Pitchers in California Can Intentionally Throw at a Batter's Head

Last month the California Supreme Court decided that all pitches intentionally thrown at a batter's head are "a fundamental and inherent risk of the sport of baseball" (Calif. Supreme Court: Ballplayer Can't Sue for Bean Ball). The plaintiff, Jose Avila, was a junior college baseball player who was struck in the head with a pitch thrown by a pitcher on the opposing team. The plaintiff alleged that the pitcher had intentionally thrown at his head to retaliate for a player on the pitcher's team being hit by a pitch in the previous inning. According to the complaint, his batting helmet cracked and he suffered "unspecified serious personal injuries."

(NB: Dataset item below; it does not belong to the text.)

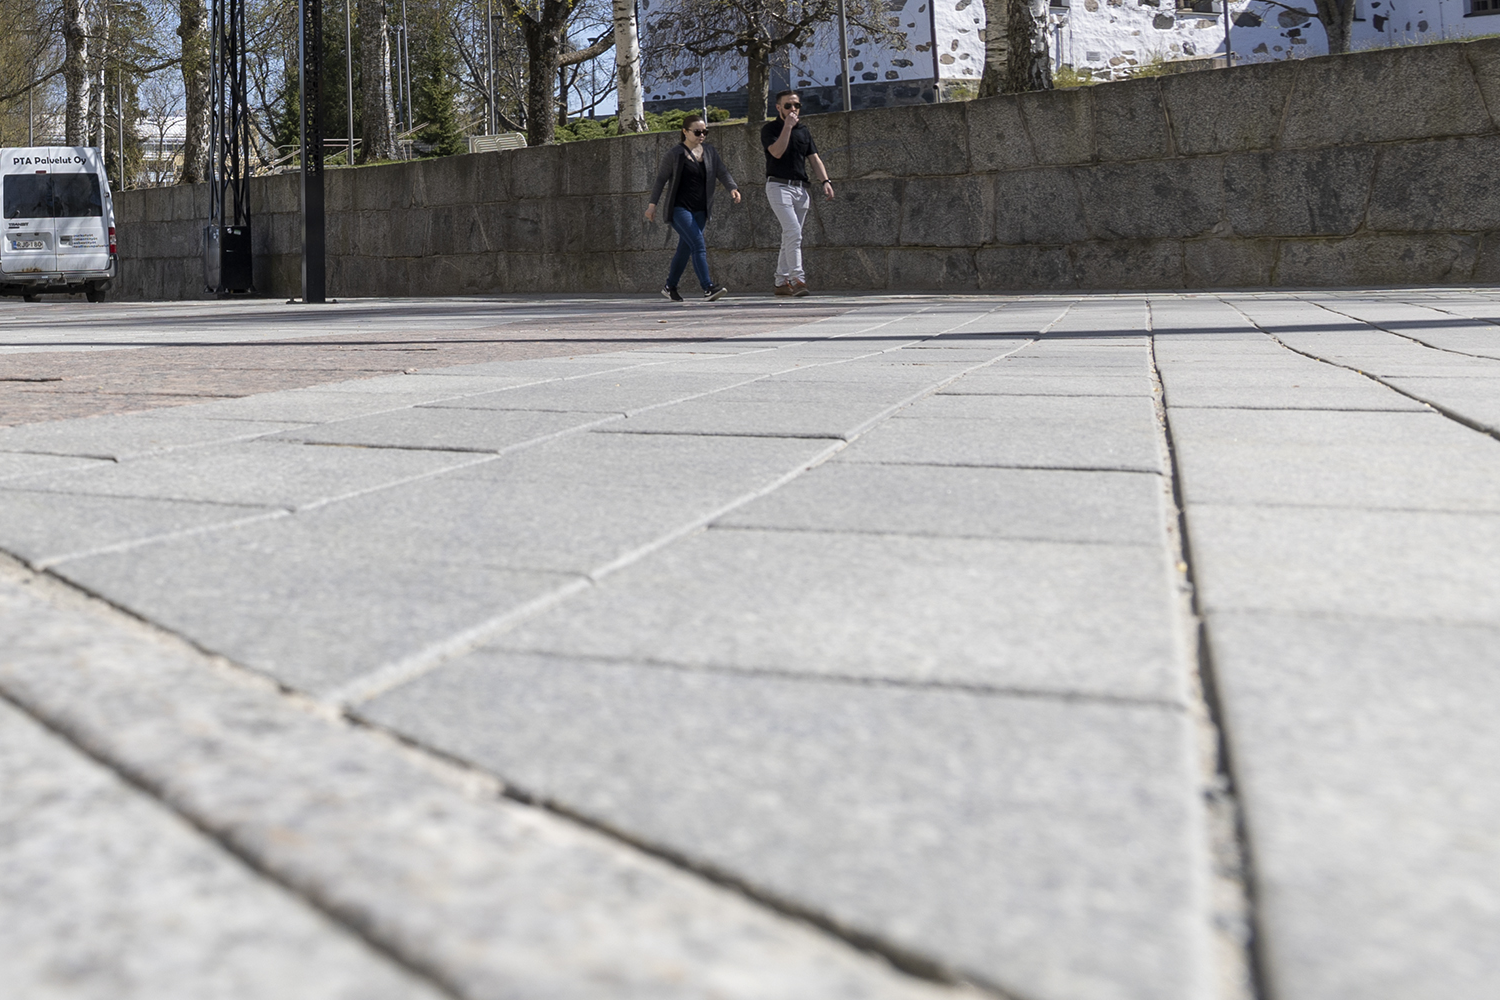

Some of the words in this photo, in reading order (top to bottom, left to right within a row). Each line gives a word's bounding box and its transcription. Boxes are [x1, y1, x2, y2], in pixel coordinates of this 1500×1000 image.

The plaintiff sued the school district, alleging negligent supervision over its pitcher. Regarding this claim, the Court held that the plaintiff assumed the risk of injury. Justice Kathryn Mickle Werdegar wrote for a 6-1 court:

"Being hit by a pitch is an inherent risk of baseball. Pitchers intentionally throw at batters to disrupt a batter's timing or back him away from home plate, to retaliate after a teammate has been hit or to punish a batter for having hit a home run. Even if the Citrus College pitcher intentionally threw at Avila, his conduct did not fall outside the range of ordinary activity involved in the sport."
While the plaintiff did not allege a battery claim, the dissent argued that the plaintiff should have been permitted to amend his complaint. However, Justice Werdegar said it wouldn't have mattered because anyone who plays a sport has consented to physical contact and understands the rules of the game:
"Thus, the boxer who steps into the ring consents to his opponent's jabs; the football player who steps onto the gridiron consents to his opponent's hard tackle; the hockey goalie who takes the ice consents to face his opponent's slap shots; and, here, the baseball player who steps to the plate consents to the possibility the opposing pitcher may throw near or at him."
In terms of whether the beanball in baseball meets the age-old "part of the game" definition for determining tort liability, I think Justice Werdegar is half right. There are some situations when it is part of the game, for example, in order to "protect your teammates" (Justice Werdegar referred to it as retaliating after a teammate has been hit), or when a batter walks off a home run when his team is up by a dozen runs, or maybe when a batter "pops off" in the press about the opposing team or opposing pitcher. However, I think the justice is incorrect that beanballs are part of the game in order "to disrupt the batter's timing" or in order "to punish a batter for having hit a home run". And it is NEVER part of the game, under any circumstance, to intentionally throw at a batter's head (such as was alleged in this case). Throwing a brushback pitch is not the same as intentionally throwing at the head.
But maybe the case was correctly decided after all. At first glance, one has to seriously question whether it is the proper function of tort law to even police beanballs. Assuming that I am correct about the circumstances under which the beanball is and is not part of the game (and assuming the plaintiff can actually prove intent which is always very difficult), should courts be drawing such fine distinctions between permissible and impermissible beanballs? As a policy matter, should the California Supreme Court instead have held that it is acceptable for a pitcher to intentionally hit a batter below the neck, but only if it involves situation A, B or C?